• _Try it_:
Repeat the listing exactly, line by line, and leave the pictures behind.

• _Task material_:
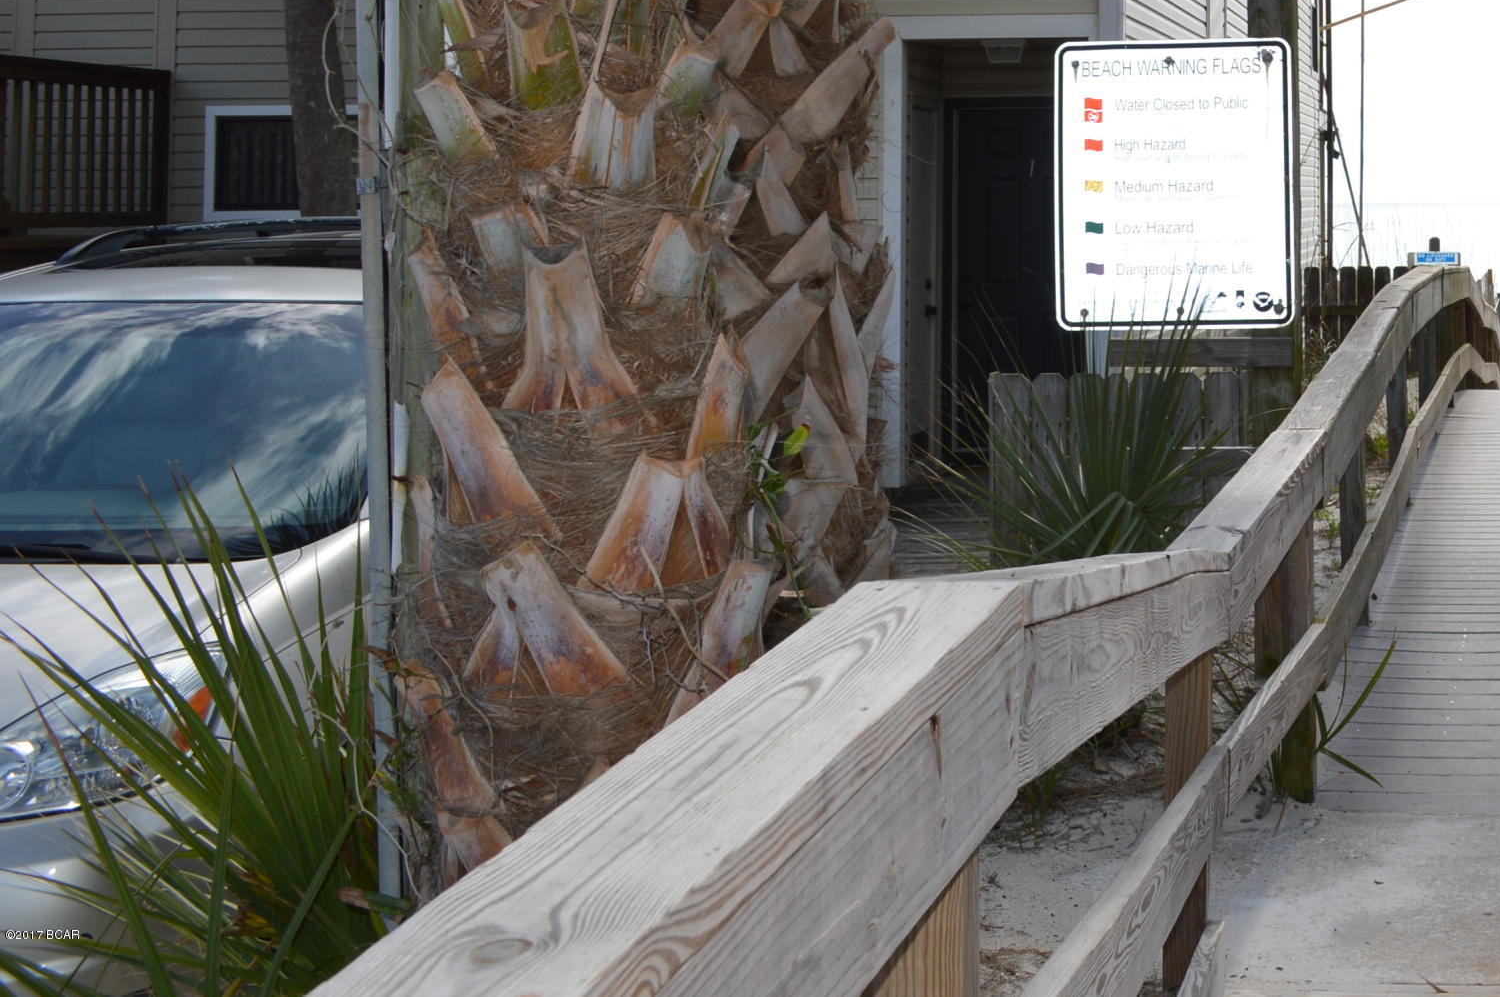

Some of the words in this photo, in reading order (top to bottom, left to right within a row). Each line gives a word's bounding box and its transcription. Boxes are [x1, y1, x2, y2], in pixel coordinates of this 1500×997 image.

[1081, 59, 1132, 78] BEACH
[1138, 57, 1208, 77] WARNING
[1212, 57, 1263, 75] FLAGS
[1114, 98, 1149, 112] Water
[1153, 98, 1195, 111] Closed
[1198, 98, 1209, 110] to
[1214, 96, 1249, 110] Public
[1114, 138, 1140, 155] High
[1144, 138, 1186, 151] Hazard
[1114, 180, 1164, 193] Medium
[1168, 179, 1214, 193] Hazard
[1114, 221, 1142, 235] Low
[1146, 221, 1194, 234] Hazard
[1115, 262, 1183, 279] Dangerous
[1231, 261, 1253, 275] Life

• _Your solution_:
Some of the words in this photo, in reading order (top to bottom, left to right within a row). Each line gives a word's bounding box and its transcription. Boxes are [x1, y1, x2, y2], in pixel coordinates of this 1500×997 image.

[1081, 59, 1132, 78] BEACH
[1138, 57, 1208, 77] WARNING
[1212, 57, 1263, 75] FLAGS
[1114, 98, 1149, 112] Water
[1153, 98, 1195, 111] Closed
[1198, 98, 1209, 110] to
[1214, 96, 1249, 110] Public
[1114, 138, 1140, 155] High
[1144, 138, 1186, 151] Hazard
[1114, 180, 1164, 193] Medium
[1168, 179, 1214, 193] Hazard
[1114, 221, 1142, 235] Low
[1146, 221, 1194, 234] Hazard
[1115, 262, 1183, 279] Dangerous
[1231, 261, 1253, 275] Life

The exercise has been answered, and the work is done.